The victim being us.

You’re not happy? The horror! There must be something wrong with you. Blame yourself! Blame feminism! Blame your choices! Whatever you do, don’t assume it’s the rational response to life itself.

It’s all enough to make you, well, you know…

So let’s just admit once and for all, shall we, that this emperor has forgotten his pants. It’s nonsense. Every bit of it. And much of the silliness derives from the way happiness has come to be defined in all the media blowback. It’s either perfection, as in the universe is all in its place, which is somewhat akin to what one of our sources dubs “Pottery Barn Psychosis”.

Or alternately, happiness equals braindead. As in when life happens, you deal with it by slapping a smile on your face (Or an apron around your waist. Be patient — I’ll get there later) and telling yourself that everything is just peachy.

Ugh and then again, ugh.

In either case, you’re most likely miserable. So are we all. Because either kind of happiness is one impossible measure. Yet, measure up (or buck up) is what we are told to do. Which means that not only are we not, um, happy, but we don’t get cracking on fixing the stuff that might need fixing.

Which was why Rebecca Traster’s piece in Salon aptly entitled “Screw Happiness” made me, you guessed it, happy. She not only makes the point that so-called happiness is not the human condition, but more importantly: embracing the unhappiness that is often part of daily life is what propels us forward. Done.

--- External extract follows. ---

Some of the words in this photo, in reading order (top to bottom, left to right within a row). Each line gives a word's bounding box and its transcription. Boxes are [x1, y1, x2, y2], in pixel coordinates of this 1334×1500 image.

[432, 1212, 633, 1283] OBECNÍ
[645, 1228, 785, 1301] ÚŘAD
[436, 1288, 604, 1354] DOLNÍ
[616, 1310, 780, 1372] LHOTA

She starts off the essay by wondering why the waiter at a New Orleans restaurant asked her and her fiance if everything was perfect — and wonders about the expectation that it should be. She goes on to note that women especially bear the brunt of the smiley face — America’s obsession with perfection and happiness:

When it comes to social science and economics, women lately seem especially prone to having the contentment thermometer thrust at them, and their temperature always seems to register at dissatisfied.” A study by University of Pennsylvania economists Betsey Stevenson and Justin Wolfers, as well as one by Princeton economist Alan Krueger, have shown a decline in female happiness in the years since the second wave, a trend that has been cheerily used as proof of exactly how unhappy increased social, sexual, professional and economic liberation has made American women. Even those who dare make claim to general life satisfaction are told not to get too comfortable; as Marcus Buckingham, the author of “Find Your Strongest Life: What the Happiest and Most Successful Women Do Differently” gloomily warned any aberrantly chipper chicks in a piece last year, “as women get older they get sadder.”

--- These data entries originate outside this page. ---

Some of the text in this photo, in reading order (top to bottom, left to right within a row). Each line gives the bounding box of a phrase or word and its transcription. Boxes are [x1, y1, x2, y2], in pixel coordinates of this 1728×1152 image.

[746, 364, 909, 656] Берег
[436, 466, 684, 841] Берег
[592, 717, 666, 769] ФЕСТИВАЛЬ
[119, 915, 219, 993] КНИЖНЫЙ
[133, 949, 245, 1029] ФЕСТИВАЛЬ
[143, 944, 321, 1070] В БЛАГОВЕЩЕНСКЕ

But really, how could they not, given the aggressive messages about happiness and how they must achieve it, and unhappiness and how they must avoid it that are foisted on them from every direction, making them feel like failures if they are not warbling and grinning their way through life?

Love it. Later, Traister tackles perfection’s alter-ego: all the scolds that tell women that whatever they choose, they would be happier if they had chosen something else (sound familiar?). Find a mate! Stay single! Have kids! No, don’t! Focus on your career! But not too much! Traister, about to marry the man she loves, is caught in all the mixed messages and calls them out for what they are:

The irony is that all the behaviors that provoke the head shaking — seeking love, concentrating on career and economic independence, having children, not having children, continuing to work after motherhood — are the very things we choose to do in pursuit of satisfaction for ourselves, not to mention to support ourselves. Stop doing those spoiled things that bring you fulfillment or you’ll never find fulfillment!

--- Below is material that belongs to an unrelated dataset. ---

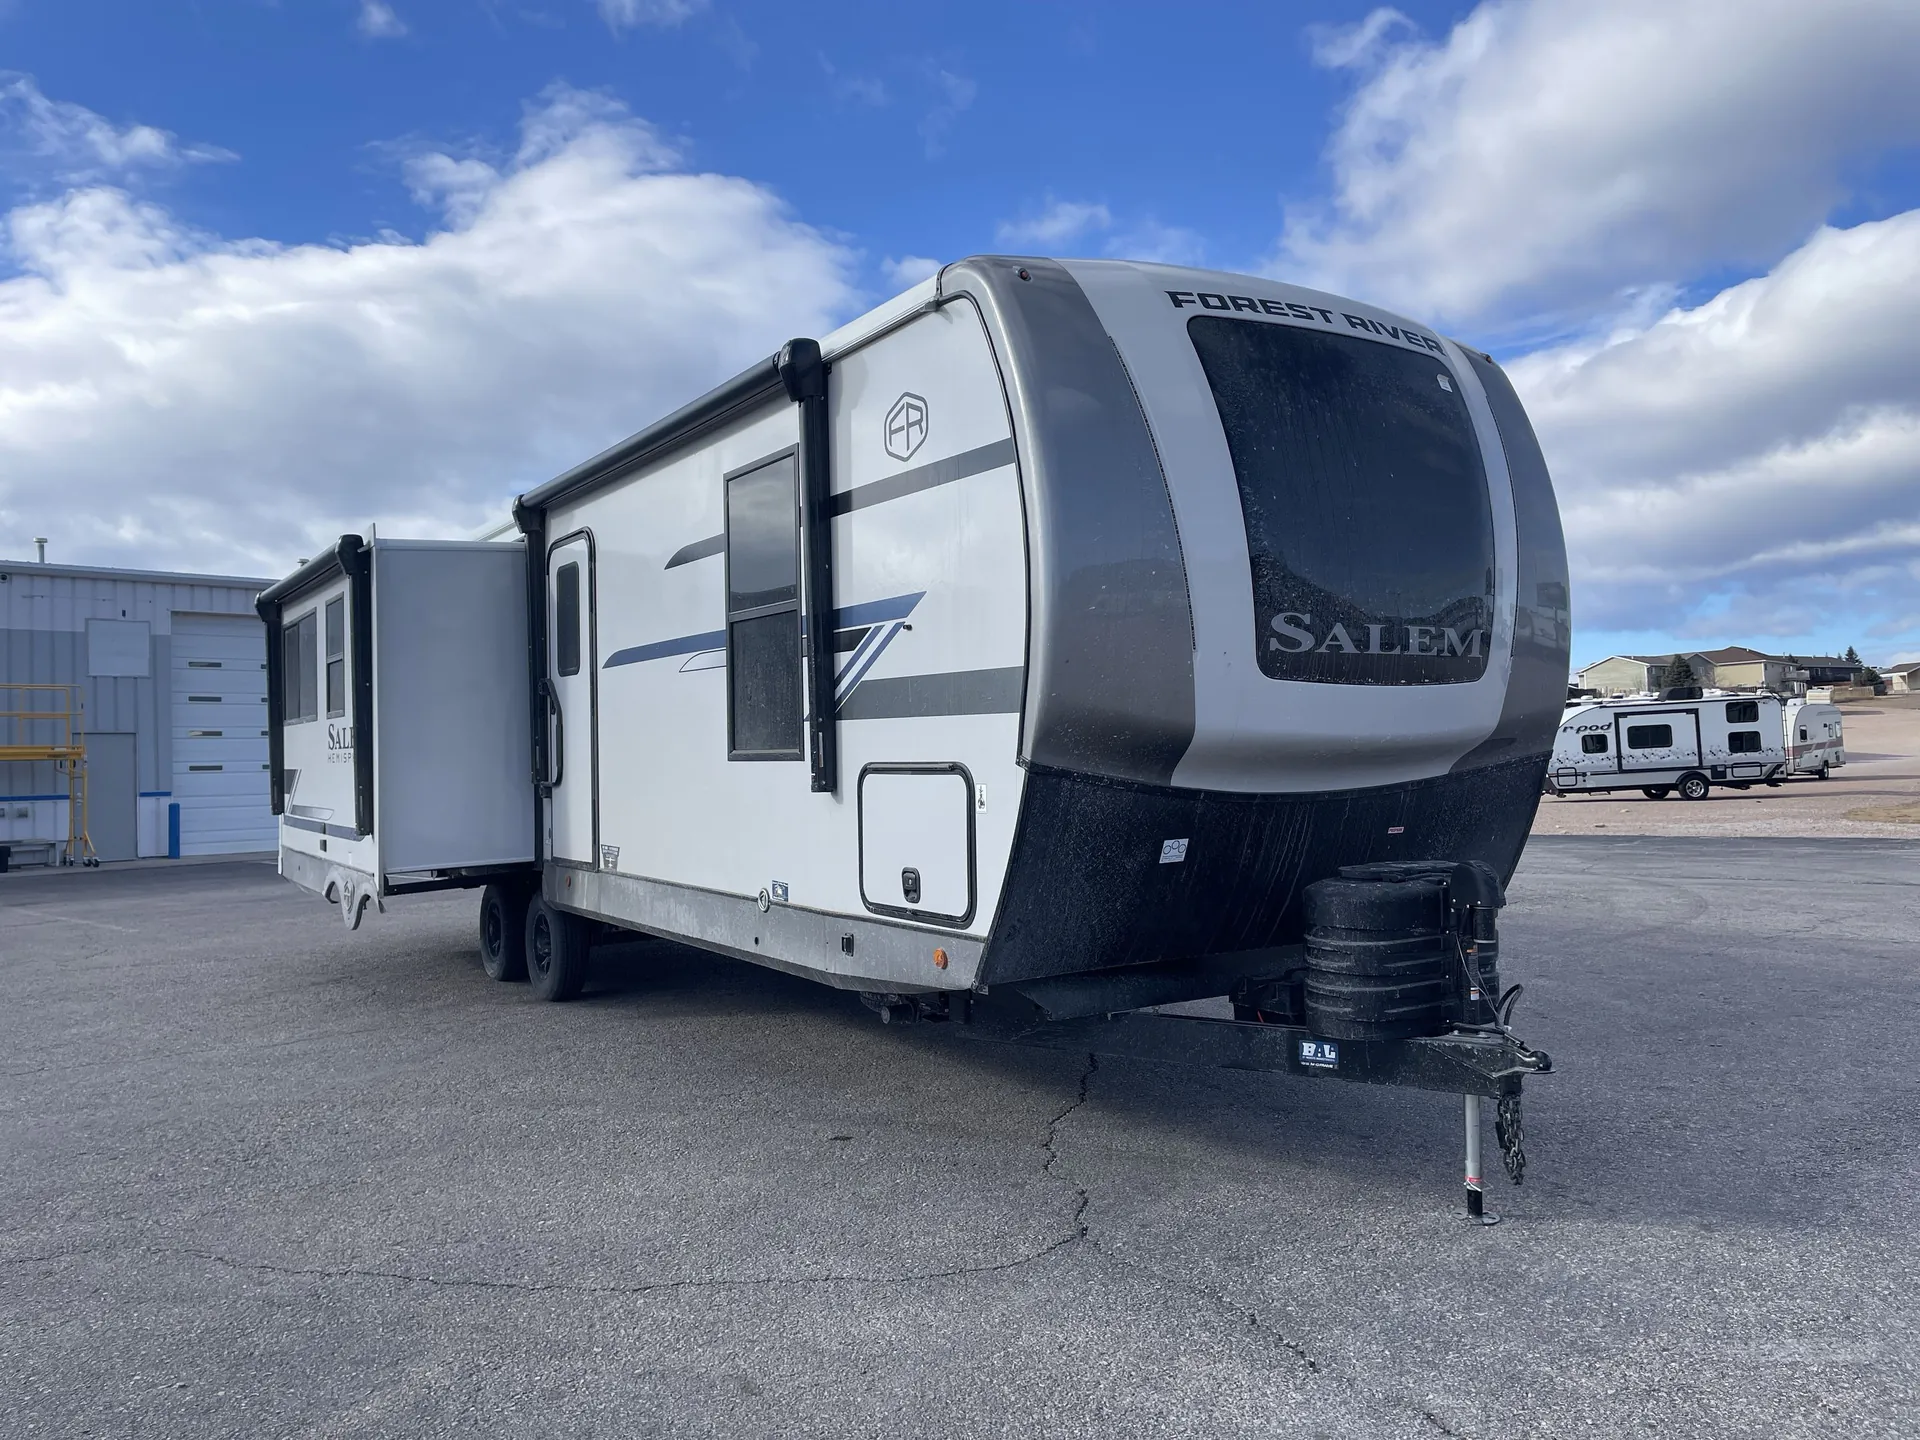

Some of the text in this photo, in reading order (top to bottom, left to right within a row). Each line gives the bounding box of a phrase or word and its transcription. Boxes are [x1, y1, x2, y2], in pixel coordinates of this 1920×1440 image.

[1164, 290, 1447, 357] FOREST RIVER
[1269, 611, 1486, 659] SALEM

You know what I think? It’s all bullshit. Not just the trend stories and the self-help stuff, but the laser focus on happiness itself. I say this as someone who has grown steadily happier as I’ve aged, but I think I would have said it even more emphatically earlier in my life: I’m just not sure that “happiness” is supposed to be the stable human condition, and I think it’s punishing that we’re constantly being pushed to achieve it.

Some of the avenues open in the 21st century bring women joy, some bring its opposite; often they just mean more hours worked, fewer hours slept, new sets of fears and anxieties alongside new opportunities for accomplishment, pleasure and pride — in other words, the range of feeling and experience that comprise a typical day, a week, a year, a life. It is this daily, varied reality that makes me wish we could stop using happiness, or perfection, as the yardstick by which we evaluate our lives, and that we could stop gravely shaking our heads at every instance that a woman fails to measure up.

Which leads us, strangely, to aprons. According to the LA Times, expensive ones are the latest must-haves among SoCal “apronistas.” Their term, not mine. In the story, Cynthia Wadell, founder of Heavenly Hostess, which sells upscale aprons, says that this symbol of 1950’s womanhood is “now an empowering icon for the abundance of choices in a woman’s life.”

I’m not so sure. I can’t help thinking that the apron strings are all tied up to this happiness stuff. We’re constantly being told that it’s our choices that make us unhappy. Which makes me wonder. If we buy that stuff — which, for the record, I do not — is this cultish return to June Cleaver’s favorite accessory a reactionary wish to go back to the time when we had none?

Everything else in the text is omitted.